With the implementation of the Fifth Money Laundering Directive (5MLD), the TRS is about to undergo some significant changes. Importantly:

  • more trusts, including UK resident trusts without UK tax liabilities and bare trusts will be required to register;

  • information held on the register will be more widely available, including to anyone with a legitimate interest (demonstrated to the satisfaction of HMRC); and

  • for taxable relevant trusts, more information about beneficial owners will have to be provided.

Earlier this year, the government held a technical consultation on the new rules  (available here) and in July published a Summary of Responses which provide some welcome clarification on how the new rules will apply. The regulations (available here) came into effect on 6 October 2020.

Trustees will need to make sure they are fully informed of their obligations so that they can take appropriate and timely action to prepare for the new regime.

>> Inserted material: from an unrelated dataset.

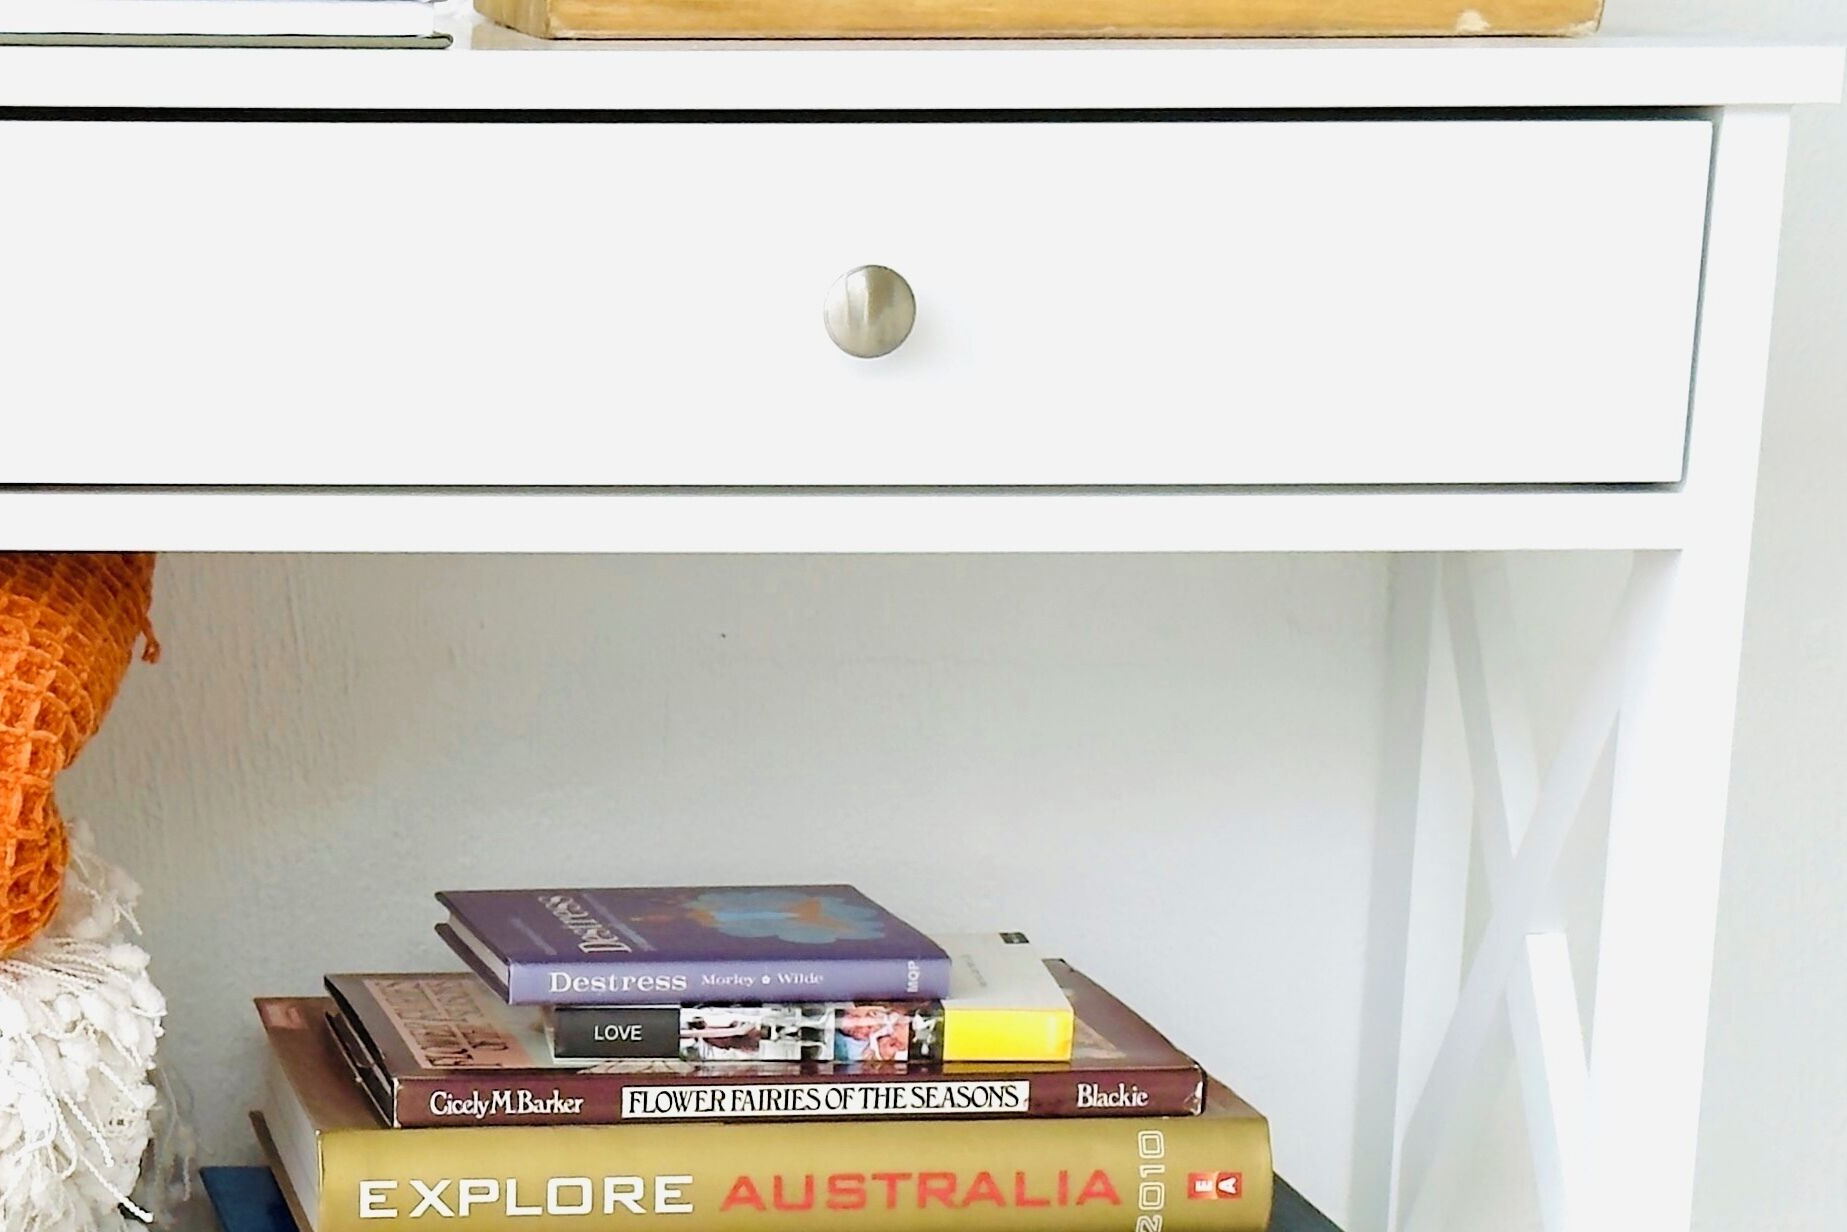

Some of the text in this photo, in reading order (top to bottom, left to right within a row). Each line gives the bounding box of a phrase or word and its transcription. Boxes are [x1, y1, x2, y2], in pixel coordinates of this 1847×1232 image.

Which trusts must be registered?

It is important to bear in mind that the new rules add to the categories of trusts that must be registered. Taxable relevant trusts, which have been required to register since 2017, must therefore still be registered (and more information will now be required in relation to such trusts). We consider below the additional categories of trusts that will now be caught, but first the exemptions available.

The exemptions

The first step for trustees will be to determine if they come within the new, more wide-reaching, registration requirements.

Certain trusts that are deemed to be low risk for money laundering purposes (for example, because they are already regulated) are exempt from registration. The exemptions include, but are not limited to:

  • trusts imposed by statute, such as intestacy trusts;

  • UK registered pension trusts;

  • charitable trusts regulated in the UK;

  • pure protection life insurance policies and those paying out on critical illness or disablement;

  • trusts for vulnerable beneficiaries or bereaved minors;

  • will trusts created on death that only receive assets from the estate and trusts that only receive death benefits from a life insurance policy and are wound up within two years of death;

  • existing trusts holding assets valued at less than £100 unless or until further assets are added; and

  • co-ownership trusts where the trustees and beneficiaries are the same persons (for example, the joint ownership of a bank account).

The list of exemptions does not however include bare trusts.

The scope of the rules for non-exempt trusts

If the trust does not fall within one of the exemptions, it will have to be registered where:

  • it is a UK resident express trust; or

  • it is a non-UK resident express trust with at least one UK resident trustee that:

    - enters into a new business relationship with an Obliged Entity on or after 6 October 2020 which is expected to last for at least 12 months; or

    - acquires UK land or property, including leases of over seven years, or

  • it is a non-UK resident express trust (with no UK resident trustees) that on or after 6 October 2020 acquires UK land or property, including leases of over seven years. This category has been introduced in order that the TRS is consistent with the proposed register for overseas entities acquiring UK property, due to be introduced next year. However, trusts that only come within the scope of registration because of this requirement will not be subject to the third-party data sharing provisions set out below.

If the trust has been registered under 5MLD in an EU Member State already, it is generally not required to register again under the TRS. However, trustees should note that if the trust is a taxable relevant trust it will still need to register on the TRS.

Definitions:

“UK resident trust”

Where either:
- all trustees are UK resident; or
- there is a mixture of UK resident and non-UK resident trustees, where the settlor was UK resident and domiciled at the time the trust was set up or at the time the settlor added funds.

“Express trust”

One that was deliberately created by the settlor rather than, for example, by court order or statute.

“Business relationship”

A business, professional or commercial relationship between a relevant person and a customer arising from the business of the relevant person and expected by the relevant person to have an element of duration.

“Obliged Entity”

An entity subject to the anti-money laundering rules. This definition is extended under 5MLD to letting agents and art market participants.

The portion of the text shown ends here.